[Dataset entries]
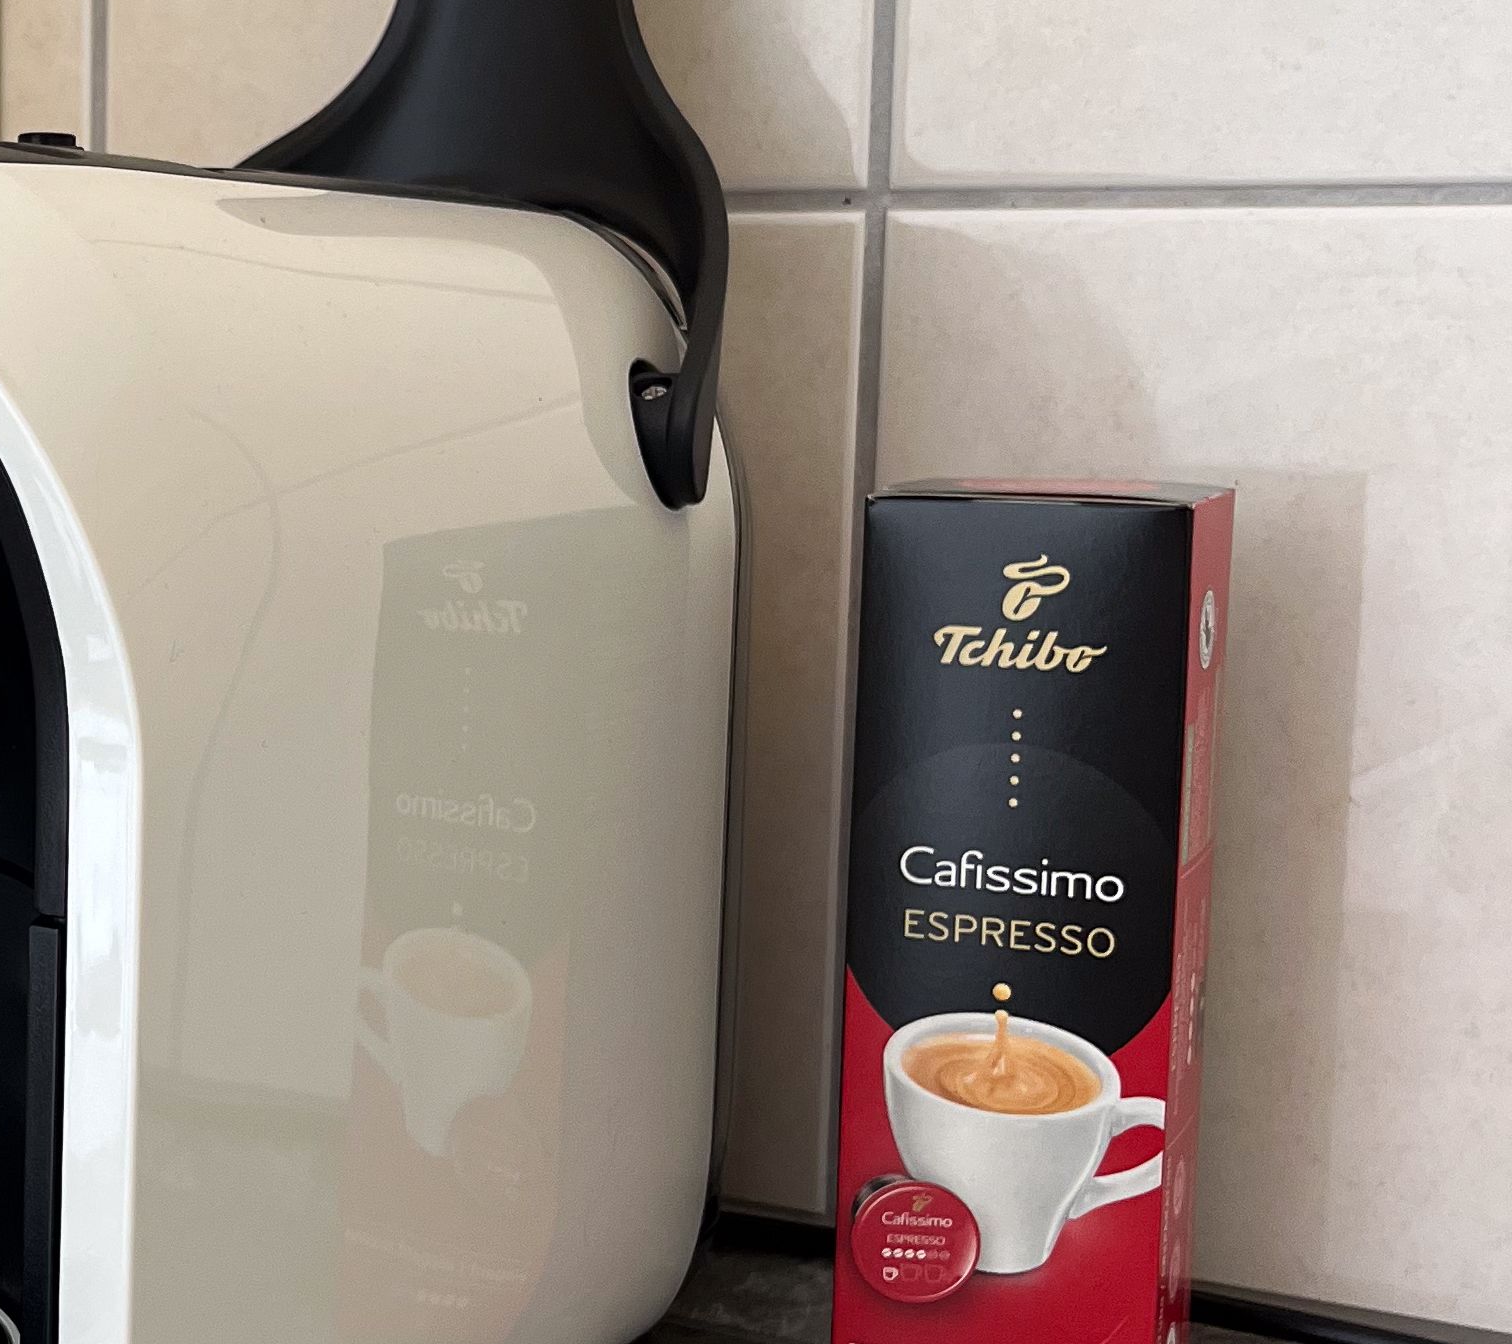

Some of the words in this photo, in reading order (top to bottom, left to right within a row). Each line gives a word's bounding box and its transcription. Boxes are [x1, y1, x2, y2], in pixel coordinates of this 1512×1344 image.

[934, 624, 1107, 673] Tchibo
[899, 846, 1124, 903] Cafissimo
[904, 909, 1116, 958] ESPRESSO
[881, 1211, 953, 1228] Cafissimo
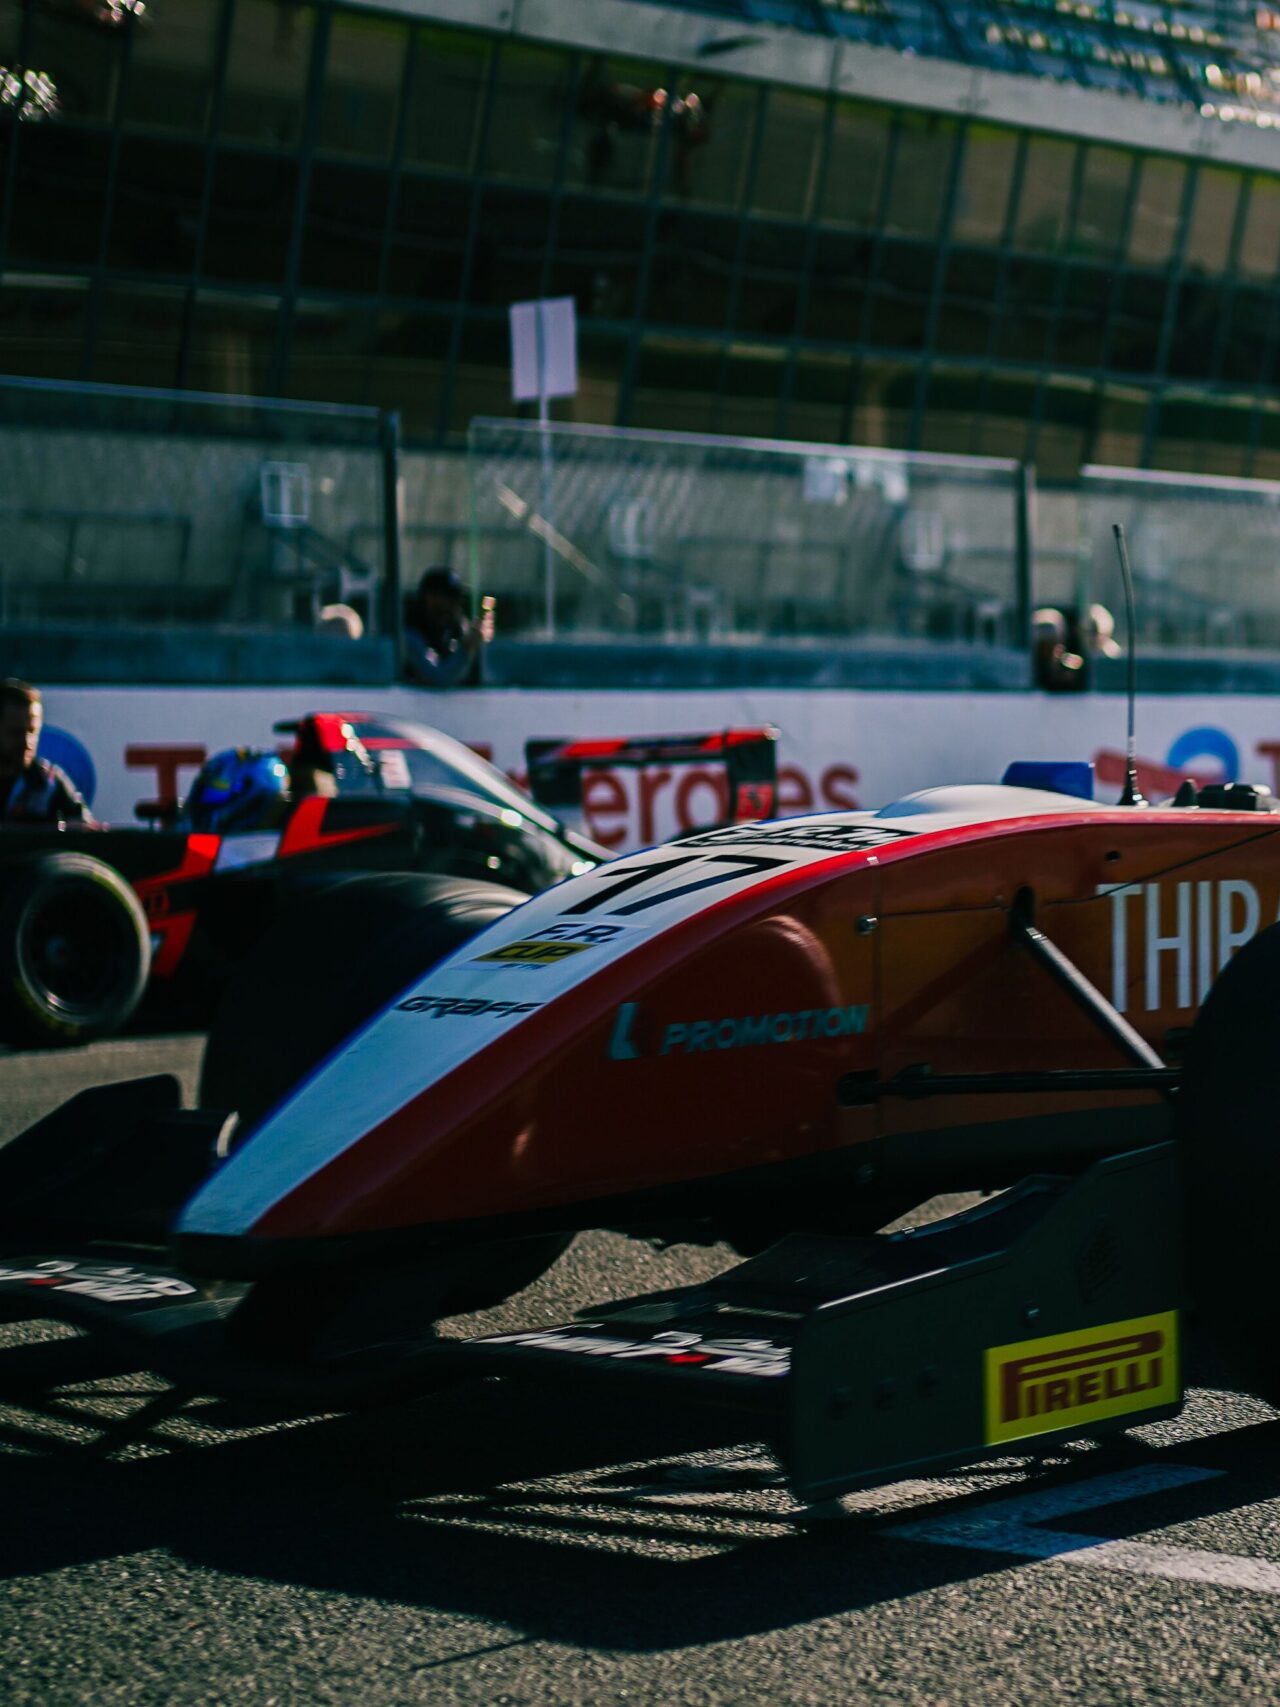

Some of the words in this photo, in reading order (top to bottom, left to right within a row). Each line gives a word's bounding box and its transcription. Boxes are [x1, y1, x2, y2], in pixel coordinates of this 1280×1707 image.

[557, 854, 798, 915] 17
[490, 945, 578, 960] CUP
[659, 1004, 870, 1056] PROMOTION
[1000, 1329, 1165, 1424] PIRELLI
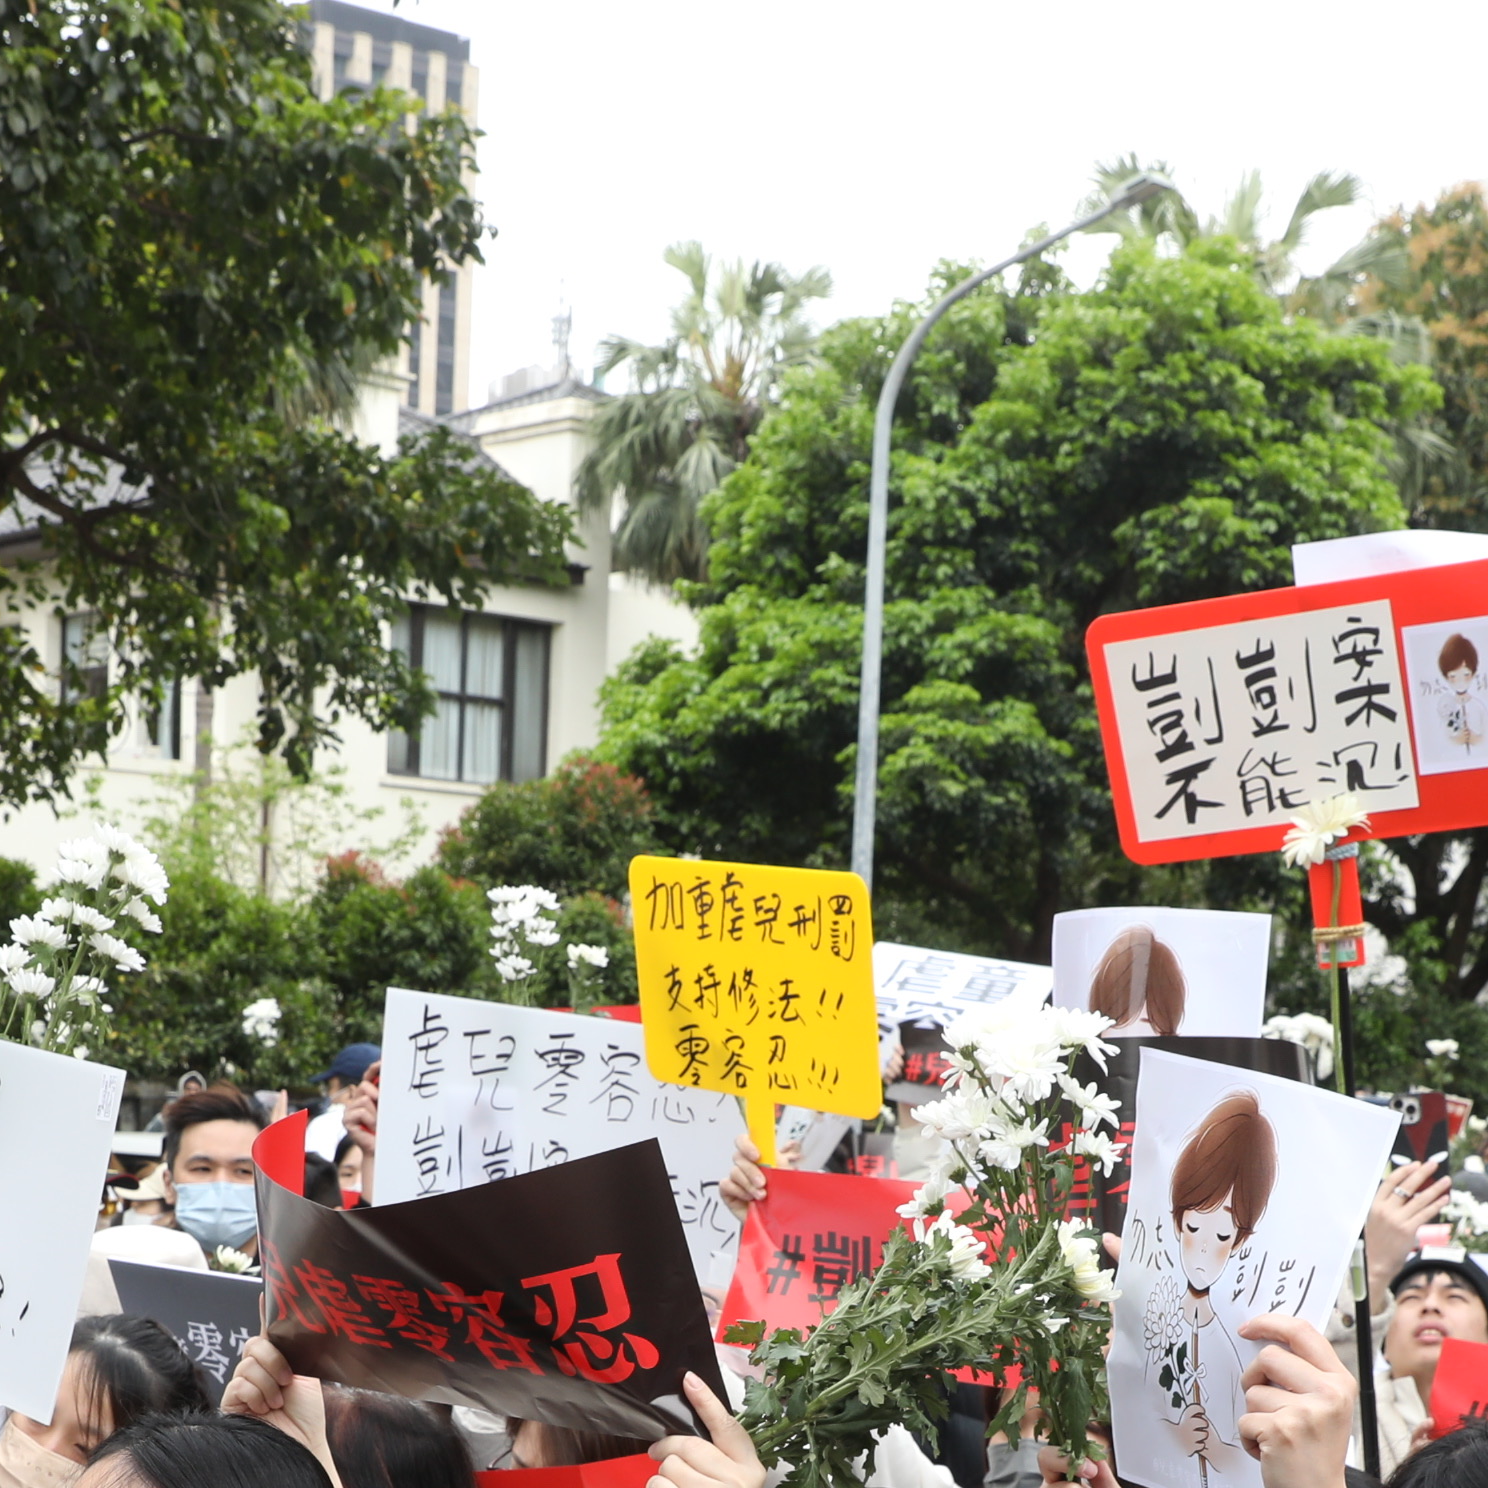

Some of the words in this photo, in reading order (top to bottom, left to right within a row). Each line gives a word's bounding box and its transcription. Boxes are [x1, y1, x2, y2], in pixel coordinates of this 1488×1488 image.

YOUR INSTRUCTIONS. Repeat every line of the data above exactly, but drop the pictures.

WRITTEN RESPONSE.
Some of the words in this photo, in reading order (top to bottom, left to right within a row). Each line gives a word's bounding box and its transcription. Boxes are [x1, y1, x2, y2], in pixel coordinates of this 1512×1344 image.

[934, 624, 1107, 673] Tchibo
[899, 846, 1124, 903] Cafissimo
[904, 909, 1116, 958] ESPRESSO
[881, 1211, 953, 1228] Cafissimo

Some of the words in this photo, in reading order (top to bottom, left to right within a row). Each line gives a word's bounding box and its transcription. Boxes are [x1, y1, x2, y2], in pixel coordinates of this 1280×1707 image.

[557, 854, 798, 915] 17
[490, 945, 578, 960] CUP
[659, 1004, 870, 1056] PROMOTION
[1000, 1329, 1165, 1424] PIRELLI

Some of the words in this photo, in reading order (top to bottom, left to right within a row). Each line gives a word's bounding box and its transcription. Boxes are [x1, y1, x2, y2], in pixel coordinates of this 1488×1488 image.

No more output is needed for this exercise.